The traditional ways of predicting customer behavior are based on averaging data gathered on groups of customers. This doesn't yield as accurate results in a marketplace dominated by the older customer population that makes up the New Customer Majority.
So if the old paradigms of research and marketing are the source of the illusion that customers have become more mysterious, how can the veil of mysteriousness be lifted?
The answer presents a challenge that I frankly think most will simply push aside until there is clearly no alternative but to take it on. That is what happens when old paradigms begin to fray. At first, supporters of the old paradigm experience shock over the fact that the old paradigm is breaking down. Many are now nearing the end of the shock stage and entering the denial stage: “There really isn't anything wrong how things have always been done. We’re just in a cycle. Things always go back to where they have been.” However, in time, the laws of the survival of the fittest come into play and most people embrace the new paradigm.

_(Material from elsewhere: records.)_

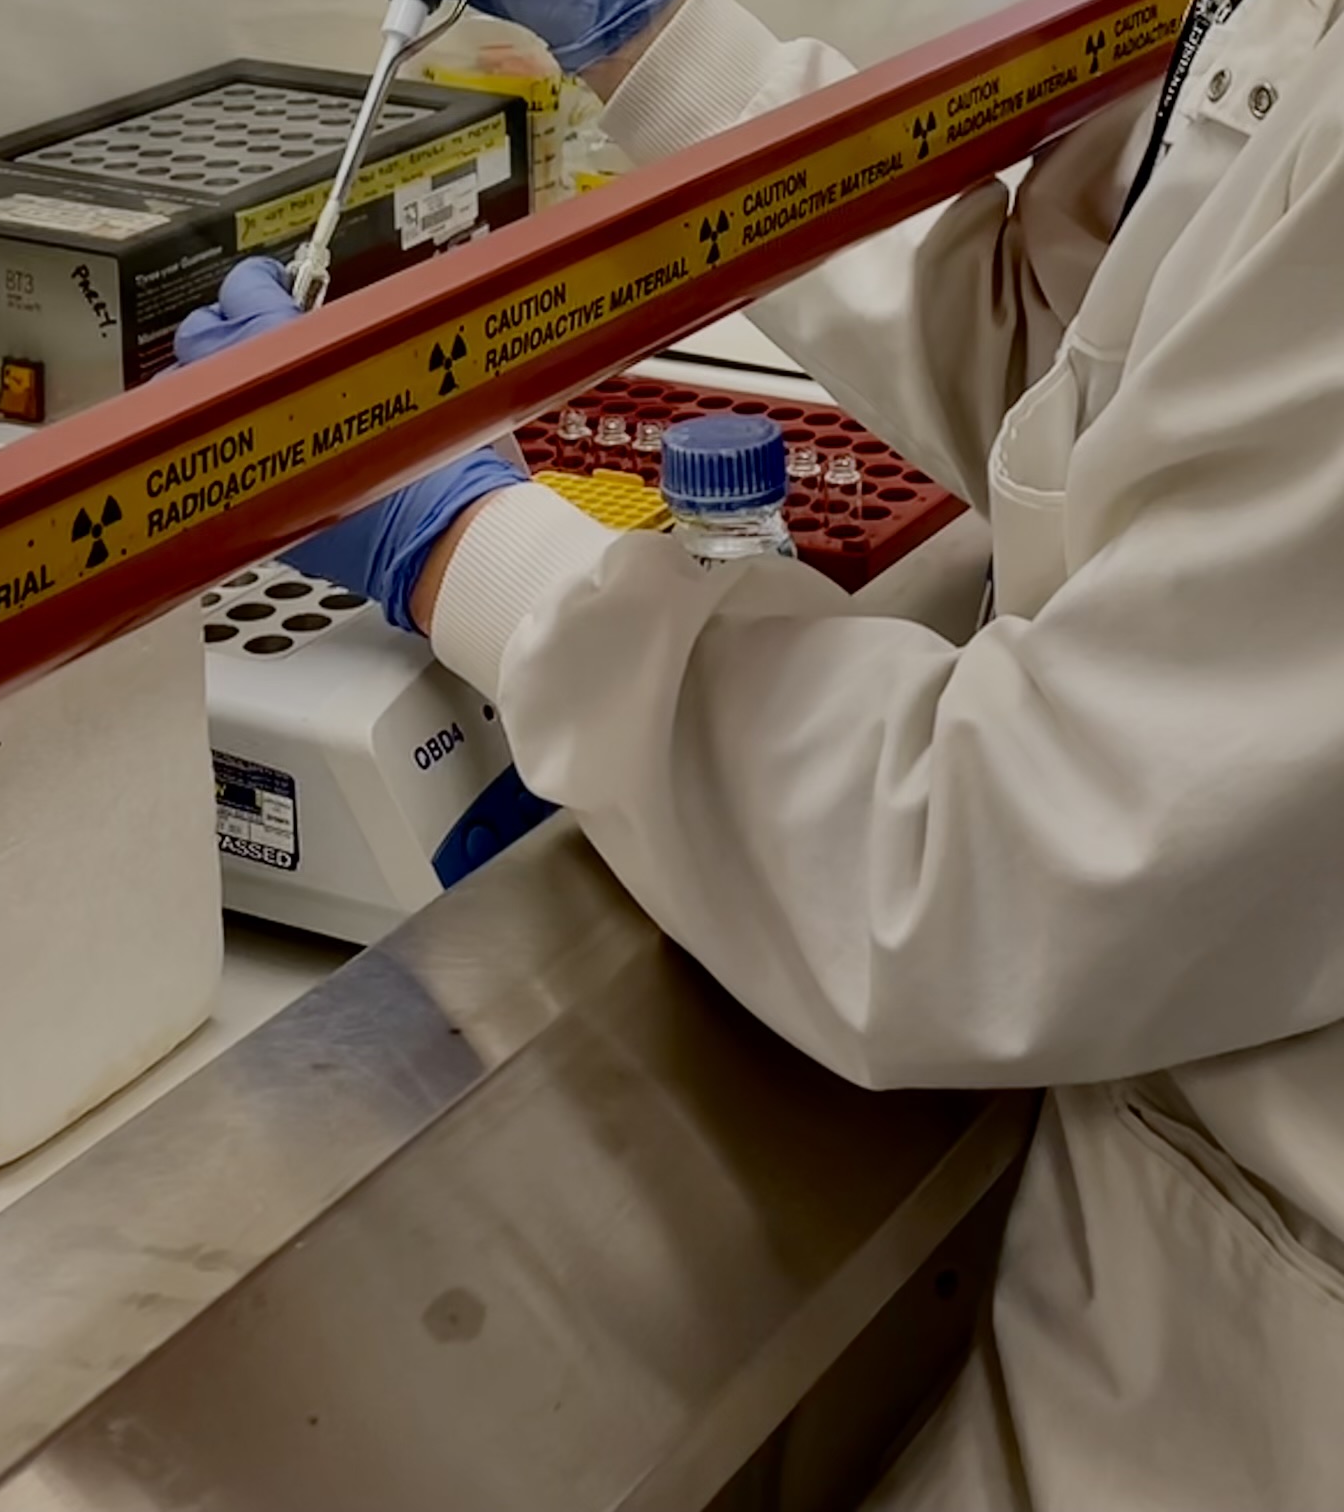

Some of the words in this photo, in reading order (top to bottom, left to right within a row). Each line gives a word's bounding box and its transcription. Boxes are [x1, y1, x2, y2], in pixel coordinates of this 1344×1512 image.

[1112, 19, 1179, 62] RADIOACTIVE
[1113, 3, 1159, 38] CAUTION
[946, 76, 1000, 118] CAUTION
[946, 91, 1024, 145] RADIOACTIVE
[1026, 66, 1078, 105] MATERIAL
[741, 183, 838, 247] RADIOACTIVE
[840, 151, 905, 199] MATERIAL
[742, 168, 808, 218] CAUTION
[5, 269, 35, 295] BT3
[484, 282, 567, 339] CAUTION
[484, 295, 605, 374] RADIOACTIVE
[609, 257, 690, 312] MATERIAL
[145, 426, 254, 499] CAUTION
[146, 438, 306, 538] RADIOACTIVE
[311, 389, 419, 459] MATERIAL
[414, 722, 465, 772] OBDA

The new paradigm for research and marketing practice is behavior based, not numbers based. Numbers based analytics will continue to play a role, but not the determinative role they played in the past. Processing consumer data without regard to tenets of human behavior yields greater error in today’s more individuated, autonomously acting consumer population.
Information technology has given us the ability to capture a range and depth of customer information unimaginable a decade ago. Yet, who could argue that we understand customers better now than we did before the age of the ubiquitous computer? If we did, no one would be saying that customers have become more mysterious.
Only by becoming more familiar with the landscapes and workings of customers minds by season of life will the riddle of the mysterious customer be solved.